Debate1en Cultura y subjetividad

  1. Oscar Gabriel Chocano Almanza says:

    Buenas tardes, María Gaspar Pérez

    Encuentro de una enorme profundidad tu análisis sobre la relación de poder que se da entre los tres personajes de Après moi, le déluge. Una relación de poder que se plasma en la obra de forma asimétrica e indirecta, ya que no se lleva a cabo mediante violencia explícita sino a través de la palabra, la traducción, el dinero, el silencio y la posición colonial y económica de los personajes.

    En la situación dramática planteada por Cunillé ya se establece una jerarquía en la cual el empresario representa el poder económico occidental, el hombre africano la necesidad extrema y la intérprete quien domina el paso de una lengua a otra.

    Tal y como señalas en tu reseña, el domino del hombre de negocios procede de su condición de europeo, de su relación con una empresa dedicada a la explotación de recursos -como el coltán- y de su capacidad de poder marcharse del Congo que únicamente visita por cuestiones laborales.
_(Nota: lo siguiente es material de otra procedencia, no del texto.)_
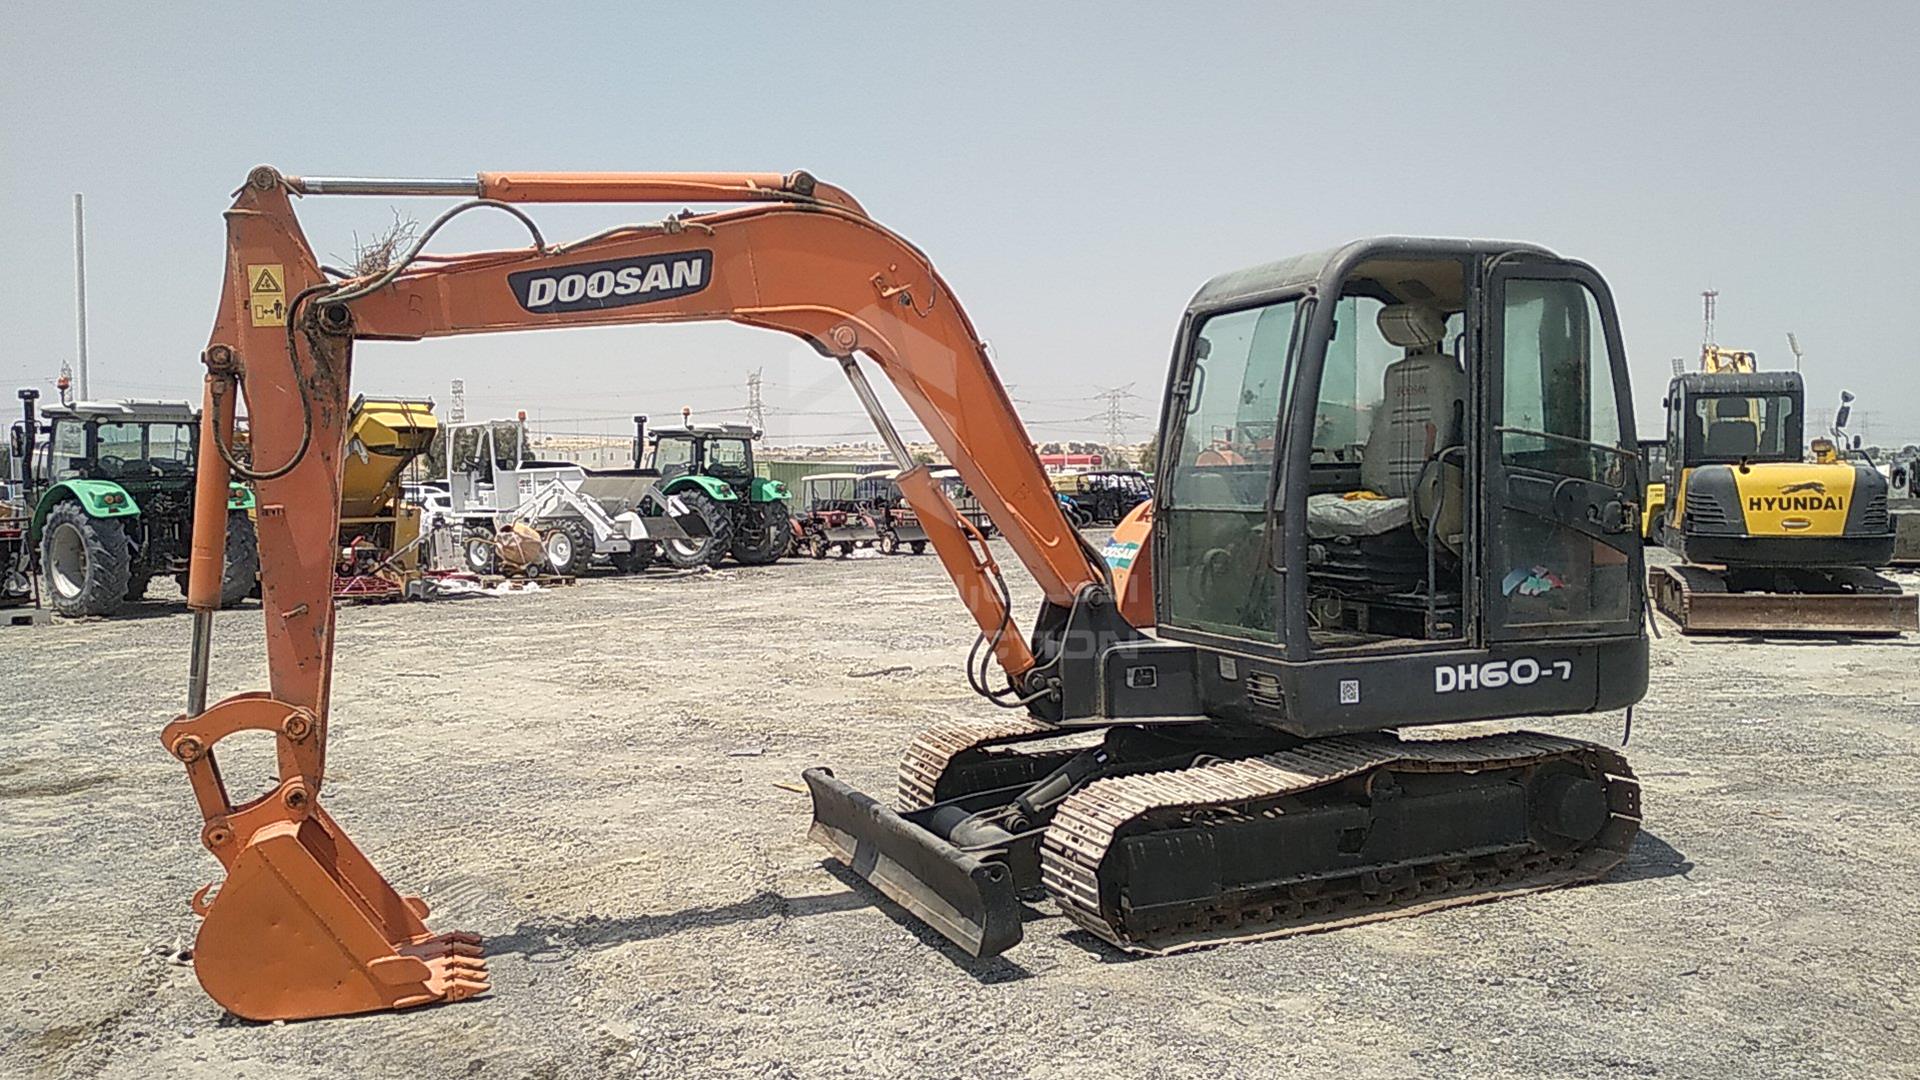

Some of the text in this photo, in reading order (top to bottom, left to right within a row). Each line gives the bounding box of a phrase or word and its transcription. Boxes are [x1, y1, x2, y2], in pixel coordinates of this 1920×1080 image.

En el caso de la intérprete, su poder deviene del hecho de que es quien controla lo que se transmite. En su acto de traducción, selecciona, media, suaviza o intensifica el mensaje originario del hombre africano. Por último, el padre africano que, en un principio, parece el personaje más débil porque suplica y ofrece a su hijo como si fuese una mercancía para que pueda cumplir su «sueño europeo»; sin embargo, en su revelación final desestabilizará al hombre de negocios, ya que a través de su estrategia ha conseguido que la explotación marcada por un talante abstracto acabe desembocando en un rostro concreto representado por el anuncio de que su hijo, en realidad, se encuentra muerto.

    A la vez la relación de poder se refleja en el espacio escénico. En este caso, la habitación de hotel es un lugar cerrado y transitorio. El hombre de negocios está de paso ya que viaja simplemente para cerrar sus acuerdos económicos basados en la explotación de los recursos del Congo. Frente al espacio cerrado contrasta la tragedia padecida por los aborígenes de la República Democrática del Congo debido a la explotación colonial la cual permanece fuera y casi invisible si no se escarba en las relaciones de poder inherentes a los diálogos. Cunillé hace aparecer el horror sin mostrarlo directamente a través de una conversación austera dominada por silencios y mediaciones.

    La obra plasma las relaciones de poder en cuatro niveles que van desde el económico, el lingüístico, el geopolítico y el patriarcal. En este caso, destaca tu apunte sobre el dominio patriarcal que sufre la intérprete ante las insinuaciones sexuales del hombre de negocios o el hecho de que el hombre africano exponga su malestar debido a que su intérprete sea una mujer.